Getting a copy of your credit report is absolutely free through annualcreditreport.com.  You can get copies of all three credit bureau reports once a year through this service.  Keep in mind, though, that credit scores aren’t provided through annualcreditreport.com along with the credit reports. However you don’t need your score to see suspicious activity or mistakes within the underlying report.

Closing A Credit Card

When you’re trying to turn your financial life around by paying down credit card balances, you may want to avoid the temptation of closing the paid accounts altogether.  This would be a big mistake.

Thirty percent of a credit score is based on credit utilization.  Credit utilization is the percentage calculated by dividing the amount of used credit by the credit card’s overall credit limit.  Your credit score looks at both individual card utilization and the combined utilization of all the credit cards you have.  If you have three credit card accounts with $1000 limits on each, and you are maxed out on the cards, your total utilization rate is 100%.  Having 100% credit utilization will be penalized heavily in the credit scoring system, to the tune of 100 points or more.  (Most experts recommend having 20% total utilization or less.)
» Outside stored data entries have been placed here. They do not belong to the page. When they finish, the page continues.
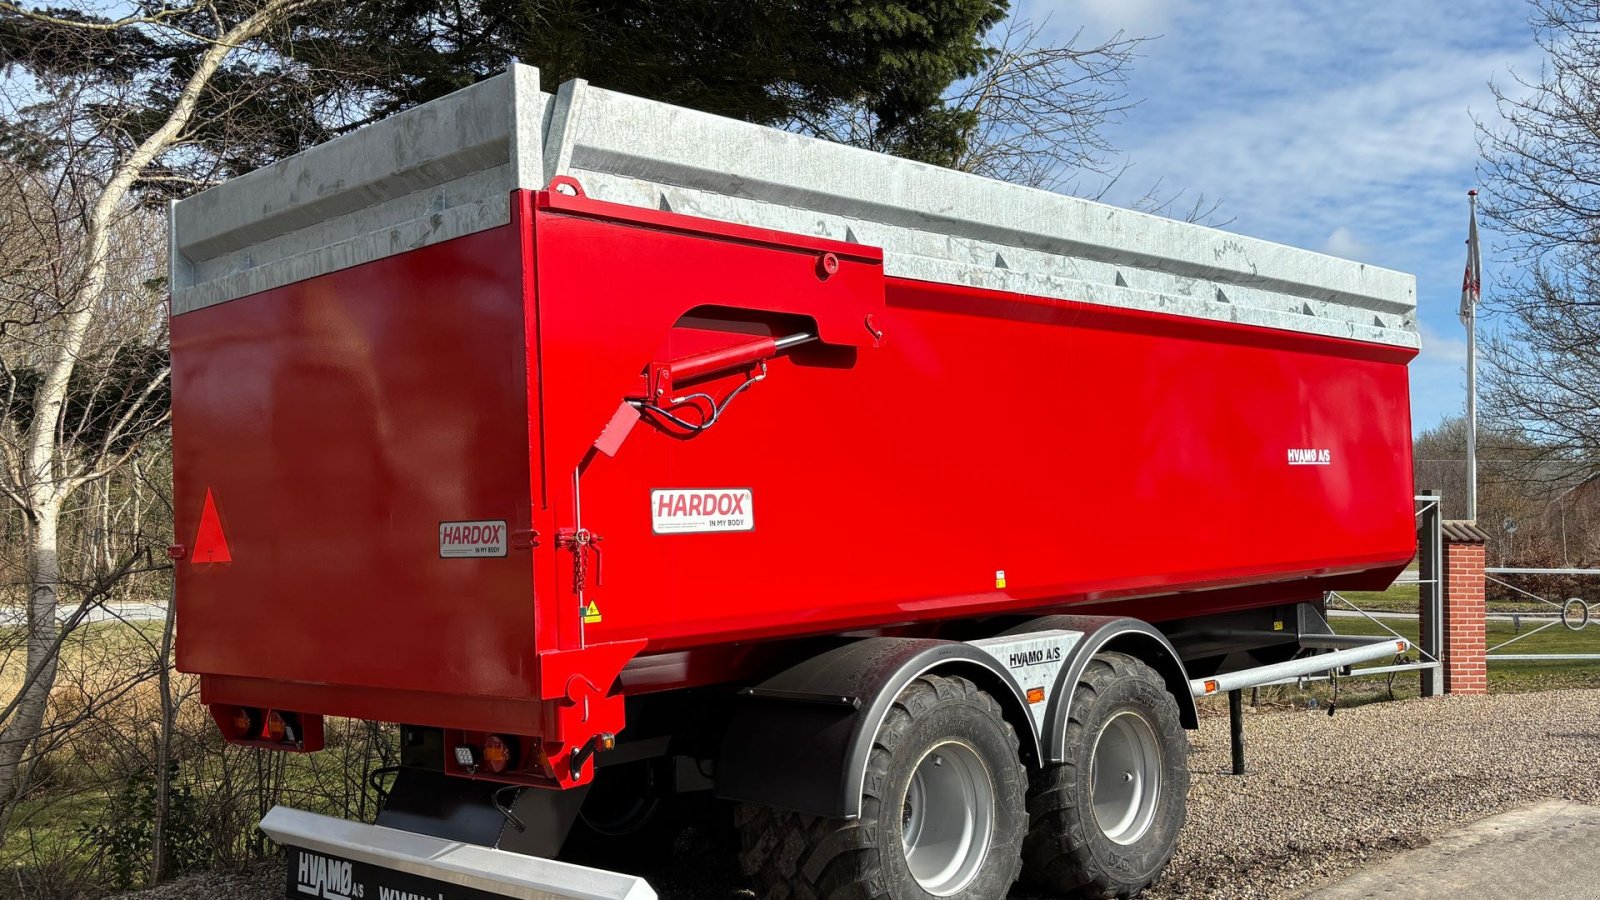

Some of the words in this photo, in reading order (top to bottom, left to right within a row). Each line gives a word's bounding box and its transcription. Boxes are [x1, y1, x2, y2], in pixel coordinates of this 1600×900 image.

[657, 493, 745, 517] HARDOX
[443, 525, 501, 545] HARDOX
[1009, 650, 1043, 666] HVAMØ
[1046, 646, 1061, 660] A/S
[298, 851, 352, 896] HVAMØ
[352, 882, 364, 898] A/S
To continue the example, paying off one of the three cards and then closing it would seem like common sense, but if you leave the card open, your total utilization rate would be 66.7%.  If you close that card with a zero balance, you are back at 100% total utilization.

Maxing Out a Credit Card

Never ever max out a credit card, not even if you pay it off in full each month.   You are penalized almost as heavily for maxing out one card in addition to having a high total utilization rate.
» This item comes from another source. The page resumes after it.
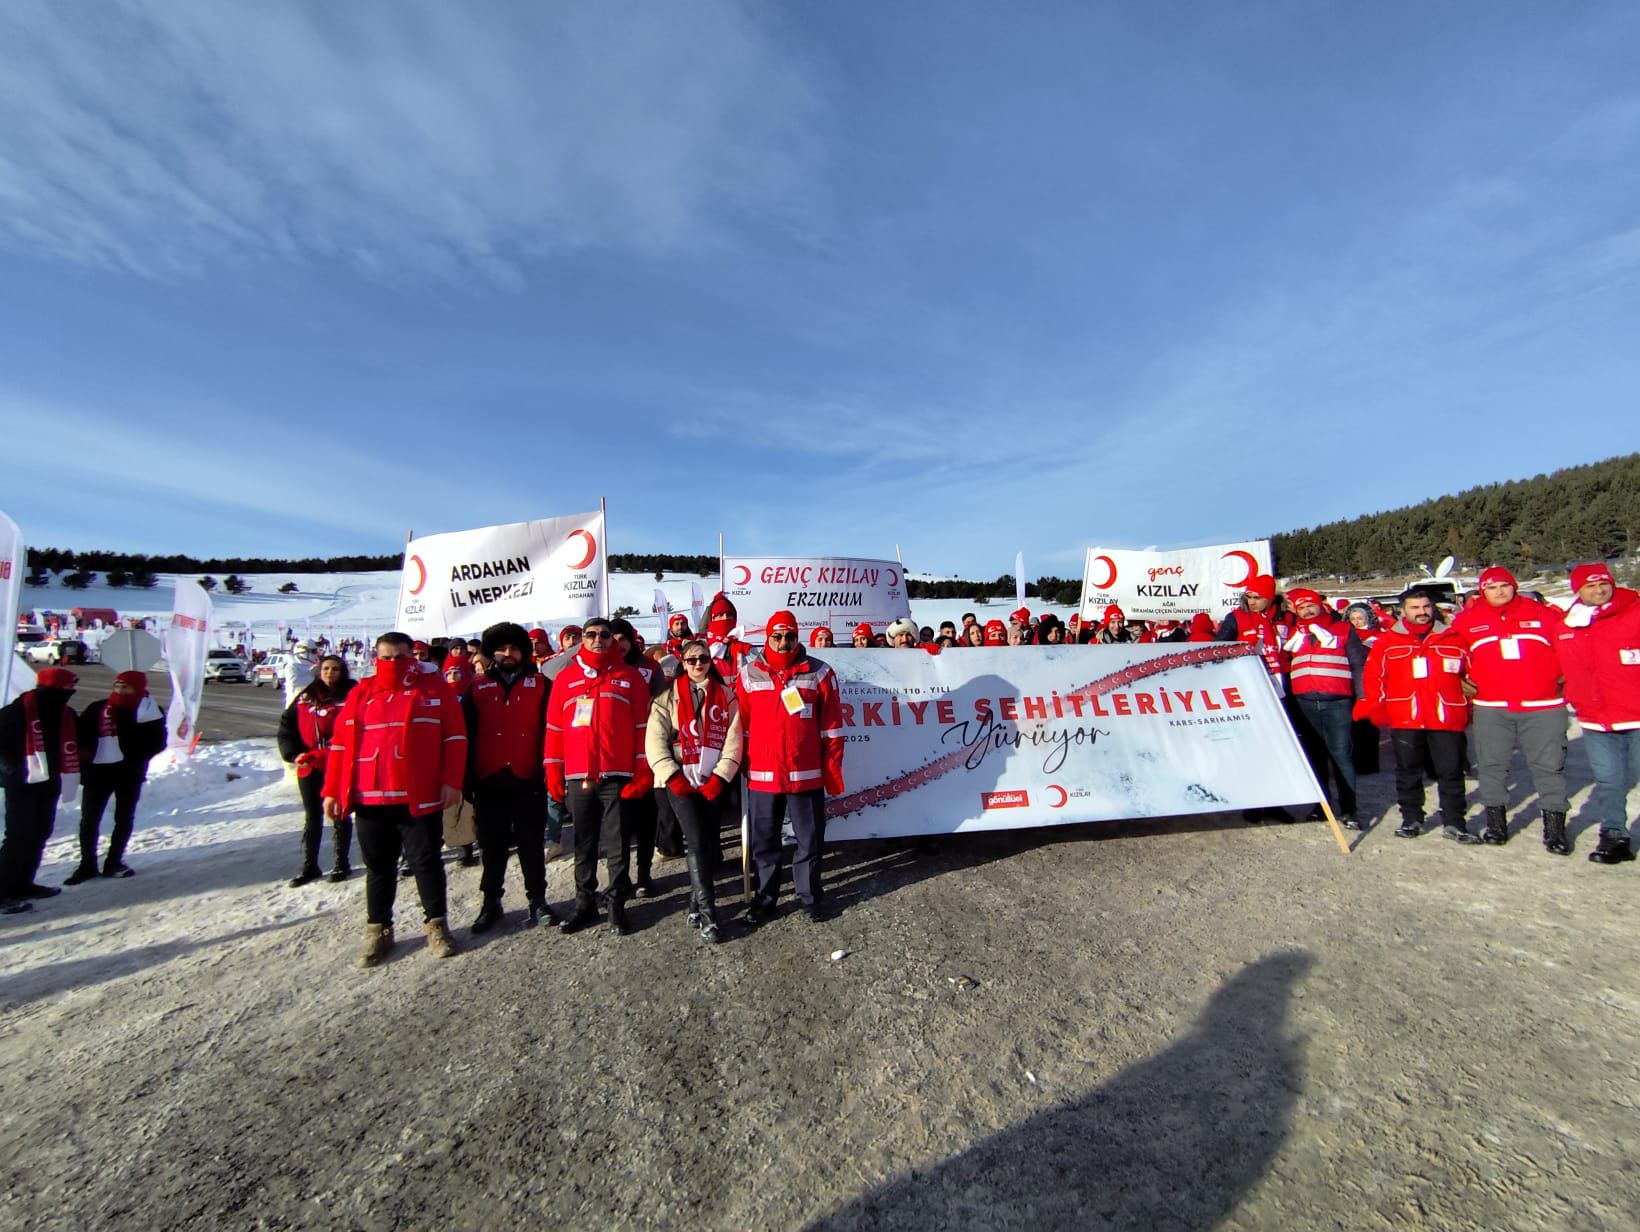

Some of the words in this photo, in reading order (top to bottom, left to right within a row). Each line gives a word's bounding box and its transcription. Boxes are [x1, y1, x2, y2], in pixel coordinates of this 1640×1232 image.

Even if you pay off your card every month, you will still never see a zero balance on for this account your credit report.  Credit card issuers update the information in your credit files only once each month — soon after your statement closing date. You’ll notice that the balance sent to you on your monthly statement is what is reflected on your credit report.  You could then still show a your card as maxed out on your credit report month after month, even after sending your check for payment each time in full.

Maxing out your credit card can also put you into a penalty rate, as some credit cards terms state that default occurs when you max out the limit.  Penalty interest rates on credit cards typically run 30%.

If you’re buying a home, having large balances could get you disqualified, even with an acceptable credit score.  Mortgage lenders like to see no more than 36% of your monthly income used to repay the bills listed on your credit report.  High balances mean high monthly payments, which could put you over the 36% limit. shutterstock_89775622

Opening a Retail Store Card

Usually store credit cards have reduced credit requirements and as a result are easier to get than “regular” bank-issued cards.  If you’ve ever shopped at a department store, the clerk has offered you 10-15% off your entire purchase if you open a store credit card.  Sounds like a good deal, right?

Store credit cards can negatively influence your credit score.  Their credit limits are low, and it’s easy to max out the card — and as we’ve seen, that is a bad thing.  Applying for the card puts an “inquiry” on your credit report, which will also drop your score.  These inquiries, noted within your reports when applying for credit, make up 10% of your credit score.  Although inquiries remain on your credit report for two years, they only lower your score for the first 12 months, but that’s still a good long time if a credit application is planned in the short term.

The other bad news?  Retail cards don’t help your credit score as much as regular bank-issued cards.  The credit scoring system looks at the type of cards and gives less weight to a retail store card than a general purpose credit card.  Sure, a good payment history helps, and if you can’t obtain a regular card, acquiring a retail store card might actually help you.  Just keep the balances low.

In Summary

Poor credit choices you unknowingly make in your everyday life can cost you money, time and aggravation. You can have a perfect payment history and still not qualify for the loan, job, insurance or interest rate you want.